# [Stored data entries]

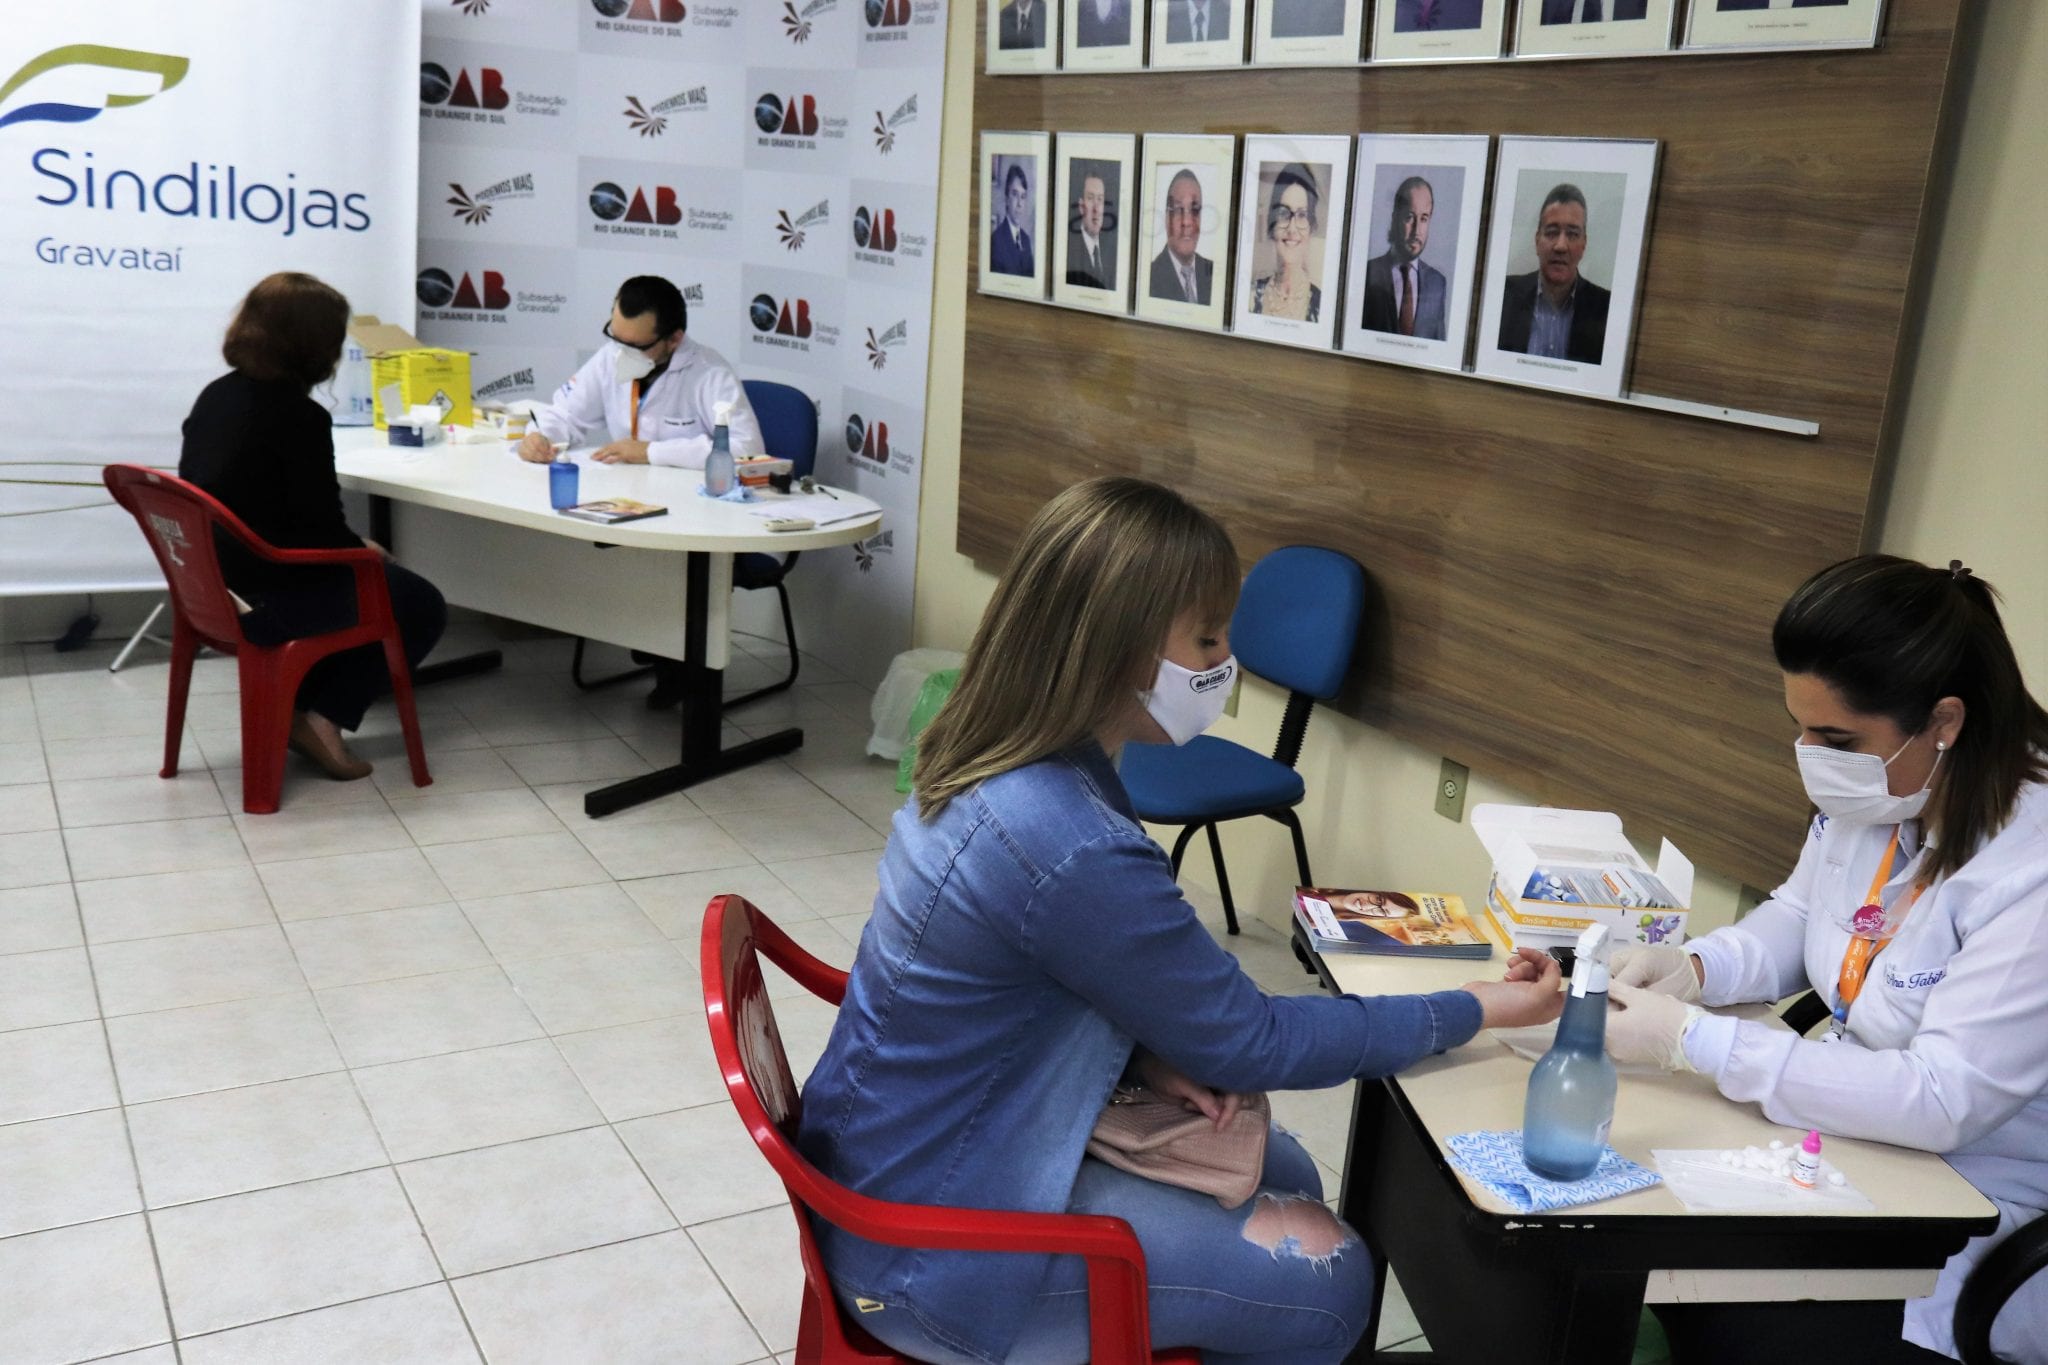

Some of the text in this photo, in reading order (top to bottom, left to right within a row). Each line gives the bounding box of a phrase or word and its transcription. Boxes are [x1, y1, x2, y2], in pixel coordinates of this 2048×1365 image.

[420, 62, 509, 110] OAB
[754, 93, 819, 136] OAB
[31, 147, 372, 236] Sindilojas
[589, 182, 683, 226] OAB
[594, 224, 609, 233] RIO
[610, 225, 645, 236] GRANDE
[853, 205, 898, 253] OAB
[36, 236, 183, 272] Gravataí
[416, 268, 511, 310] OAB
[750, 293, 812, 339] OAB
[513, 368, 534, 386] MAIS
[846, 413, 889, 464] OAB
[1908, 970, 1946, 989] Tabit
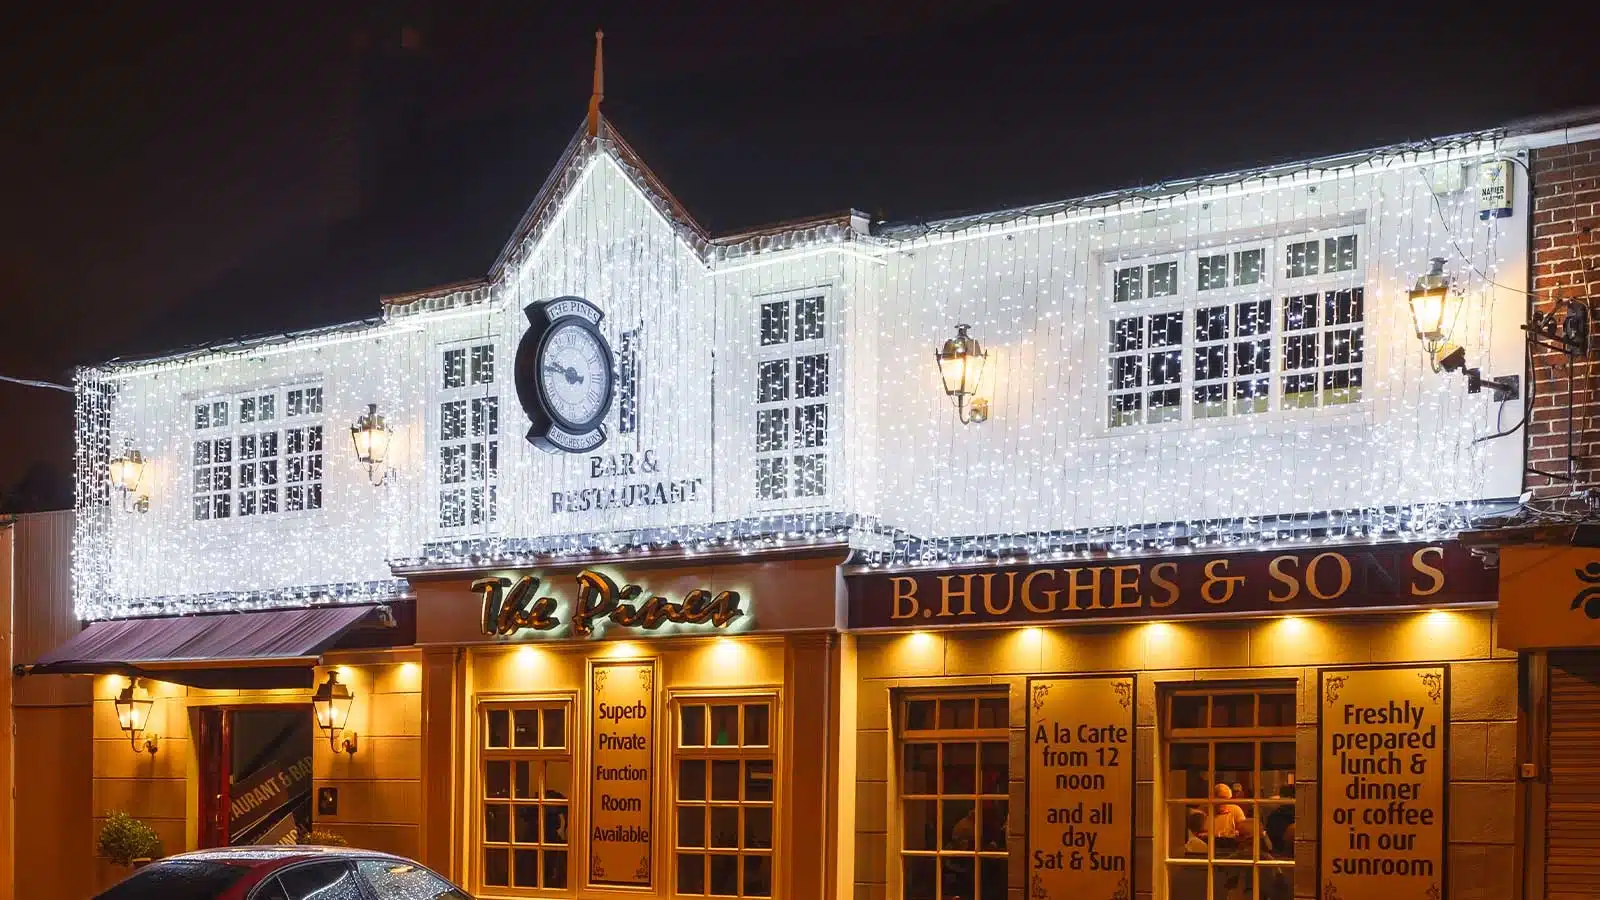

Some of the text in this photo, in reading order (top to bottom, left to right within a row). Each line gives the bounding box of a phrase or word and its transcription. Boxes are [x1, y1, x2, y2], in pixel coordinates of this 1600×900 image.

[550, 301, 599, 323] THE PINES
[590, 450, 660, 478] BAR &
[551, 478, 702, 514] RESTAURANT
[1200, 559, 1245, 603] &
[470, 569, 745, 637] The Pines
[599, 700, 647, 724] Superb
[1344, 700, 1425, 729] Freshly
[599, 732, 646, 750] Private
[1054, 722, 1071, 743] la
[1077, 724, 1128, 743] Carte
[1332, 725, 1436, 756] prepared
[1043, 746, 1119, 767] from 12
[1340, 751, 1428, 775] lunch &
[596, 765, 648, 781] Function
[1056, 774, 1105, 790] noon
[231, 776, 281, 821] AURANT
[278, 771, 293, 787] &
[1345, 776, 1421, 800] dinner
[601, 794, 641, 812] Room
[1047, 802, 1113, 825] and all
[1333, 801, 1434, 826] or coffee
[593, 826, 649, 843] Available
[1062, 825, 1097, 852] day
[1349, 827, 1417, 850] in our
[1033, 849, 1126, 871] Sat & Sun
[1332, 857, 1434, 876] sunroom

# [Task goal]
Your copy of the entries must be exact and must contain no pictures.

# [Output for this exercise]
Some of the text in this photo, in reading order (top to bottom, left to right within a row). Each line gives the bounding box of a phrase or word and its transcription. Boxes are [x1, y1, x2, y2], in pixel coordinates of this 2048×1365 image.

[420, 62, 509, 110] OAB
[754, 93, 819, 136] OAB
[31, 147, 372, 236] Sindilojas
[589, 182, 683, 226] OAB
[594, 224, 609, 233] RIO
[610, 225, 645, 236] GRANDE
[853, 205, 898, 253] OAB
[36, 236, 183, 272] Gravataí
[416, 268, 511, 310] OAB
[750, 293, 812, 339] OAB
[513, 368, 534, 386] MAIS
[846, 413, 889, 464] OAB
[1908, 970, 1946, 989] Tabit

Some of the text in this photo, in reading order (top to bottom, left to right within a row). Each line gives the bounding box of a phrase or word and its transcription. Boxes are [x1, y1, x2, y2], in pixel coordinates of this 1600×900 image.

[550, 301, 599, 323] THE PINES
[590, 450, 660, 478] BAR &
[551, 478, 702, 514] RESTAURANT
[1200, 559, 1245, 603] &
[470, 569, 745, 637] The Pines
[599, 700, 647, 724] Superb
[1344, 700, 1425, 729] Freshly
[599, 732, 646, 750] Private
[1054, 722, 1071, 743] la
[1077, 724, 1128, 743] Carte
[1332, 725, 1436, 756] prepared
[1043, 746, 1119, 767] from 12
[1340, 751, 1428, 775] lunch &
[596, 765, 648, 781] Function
[1056, 774, 1105, 790] noon
[231, 776, 281, 821] AURANT
[278, 771, 293, 787] &
[1345, 776, 1421, 800] dinner
[601, 794, 641, 812] Room
[1047, 802, 1113, 825] and all
[1333, 801, 1434, 826] or coffee
[593, 826, 649, 843] Available
[1062, 825, 1097, 852] day
[1349, 827, 1417, 850] in our
[1033, 849, 1126, 871] Sat & Sun
[1332, 857, 1434, 876] sunroom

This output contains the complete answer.